Task item. Print every record exactly, with nothing added or left out.

Data entries:
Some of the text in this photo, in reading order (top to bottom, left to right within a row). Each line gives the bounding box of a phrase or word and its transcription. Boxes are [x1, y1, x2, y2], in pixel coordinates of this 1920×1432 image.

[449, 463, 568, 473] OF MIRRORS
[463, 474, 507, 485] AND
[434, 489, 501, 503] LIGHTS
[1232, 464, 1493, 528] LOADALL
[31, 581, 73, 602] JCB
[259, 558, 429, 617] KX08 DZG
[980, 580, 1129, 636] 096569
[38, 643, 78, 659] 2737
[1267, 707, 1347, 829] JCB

Written solution.
Some of the text in this photo, in reading order (top to bottom, left to right within a row). Each line gives the bounding box of a phrase or word and its transcription. Boxes are [x1, y1, x2, y2], in pixel coordinates of this 1920×1432 image.

[449, 463, 568, 473] OF MIRRORS
[463, 474, 507, 485] AND
[434, 489, 501, 503] LIGHTS
[1232, 464, 1493, 528] LOADALL
[31, 581, 73, 602] JCB
[259, 558, 429, 617] KX08 DZG
[980, 580, 1129, 636] 096569
[38, 643, 78, 659] 2737
[1267, 707, 1347, 829] JCB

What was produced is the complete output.